Write the records out again, exactly.

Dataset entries
=== Section Start ===
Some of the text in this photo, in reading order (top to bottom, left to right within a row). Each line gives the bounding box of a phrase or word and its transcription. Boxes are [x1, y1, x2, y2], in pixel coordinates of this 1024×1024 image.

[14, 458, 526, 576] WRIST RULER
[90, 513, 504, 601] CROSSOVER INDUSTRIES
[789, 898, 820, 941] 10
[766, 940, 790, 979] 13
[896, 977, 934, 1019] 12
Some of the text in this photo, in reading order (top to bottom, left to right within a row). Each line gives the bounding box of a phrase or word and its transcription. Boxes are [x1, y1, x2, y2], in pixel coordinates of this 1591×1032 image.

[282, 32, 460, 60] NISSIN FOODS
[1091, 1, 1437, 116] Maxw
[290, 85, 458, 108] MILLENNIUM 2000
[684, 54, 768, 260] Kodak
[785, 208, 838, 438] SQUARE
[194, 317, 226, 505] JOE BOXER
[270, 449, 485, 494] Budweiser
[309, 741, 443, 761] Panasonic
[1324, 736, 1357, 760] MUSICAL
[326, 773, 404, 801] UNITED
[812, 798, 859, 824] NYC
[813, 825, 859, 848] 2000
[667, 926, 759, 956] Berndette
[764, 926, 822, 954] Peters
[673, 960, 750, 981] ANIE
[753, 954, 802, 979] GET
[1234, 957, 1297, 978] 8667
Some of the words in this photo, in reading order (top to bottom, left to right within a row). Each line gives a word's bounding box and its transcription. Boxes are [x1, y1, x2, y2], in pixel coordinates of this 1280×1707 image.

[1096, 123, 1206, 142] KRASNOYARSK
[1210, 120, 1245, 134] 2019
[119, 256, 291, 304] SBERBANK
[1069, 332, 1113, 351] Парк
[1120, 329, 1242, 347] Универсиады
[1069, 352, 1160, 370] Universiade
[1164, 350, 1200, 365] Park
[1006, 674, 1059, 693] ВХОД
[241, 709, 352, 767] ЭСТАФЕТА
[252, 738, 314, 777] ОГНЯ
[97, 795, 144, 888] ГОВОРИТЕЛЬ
=== Section End ===
### Response to the task
Some of the text in this photo, in reading order (top to bottom, left to right within a row). Each line gives the bounding box of a phrase or word and its transcription. Boxes are [x1, y1, x2, y2], in pixel coordinates of this 1024×1024 image.

[14, 458, 526, 576] WRIST RULER
[90, 513, 504, 601] CROSSOVER INDUSTRIES
[789, 898, 820, 941] 10
[766, 940, 790, 979] 13
[896, 977, 934, 1019] 12
Some of the text in this photo, in reading order (top to bottom, left to right within a row). Each line gives the bounding box of a phrase or word and its transcription. Boxes are [x1, y1, x2, y2], in pixel coordinates of this 1591×1032 image.

[282, 32, 460, 60] NISSIN FOODS
[1091, 1, 1437, 116] Maxw
[290, 85, 458, 108] MILLENNIUM 2000
[684, 54, 768, 260] Kodak
[785, 208, 838, 438] SQUARE
[194, 317, 226, 505] JOE BOXER
[270, 449, 485, 494] Budweiser
[309, 741, 443, 761] Panasonic
[1324, 736, 1357, 760] MUSICAL
[326, 773, 404, 801] UNITED
[812, 798, 859, 824] NYC
[813, 825, 859, 848] 2000
[667, 926, 759, 956] Berndette
[764, 926, 822, 954] Peters
[673, 960, 750, 981] ANIE
[753, 954, 802, 979] GET
[1234, 957, 1297, 978] 8667
Some of the words in this photo, in reading order (top to bottom, left to right within a row). Each line gives a word's bounding box and its transcription. Boxes are [x1, y1, x2, y2], in pixel coordinates of this 1280×1707 image.

[1096, 123, 1206, 142] KRASNOYARSK
[1210, 120, 1245, 134] 2019
[119, 256, 291, 304] SBERBANK
[1069, 332, 1113, 351] Парк
[1120, 329, 1242, 347] Универсиады
[1069, 352, 1160, 370] Universiade
[1164, 350, 1200, 365] Park
[1006, 674, 1059, 693] ВХОД
[241, 709, 352, 767] ЭСТАФЕТА
[252, 738, 314, 777] ОГНЯ
[97, 795, 144, 888] ГОВОРИТЕЛЬ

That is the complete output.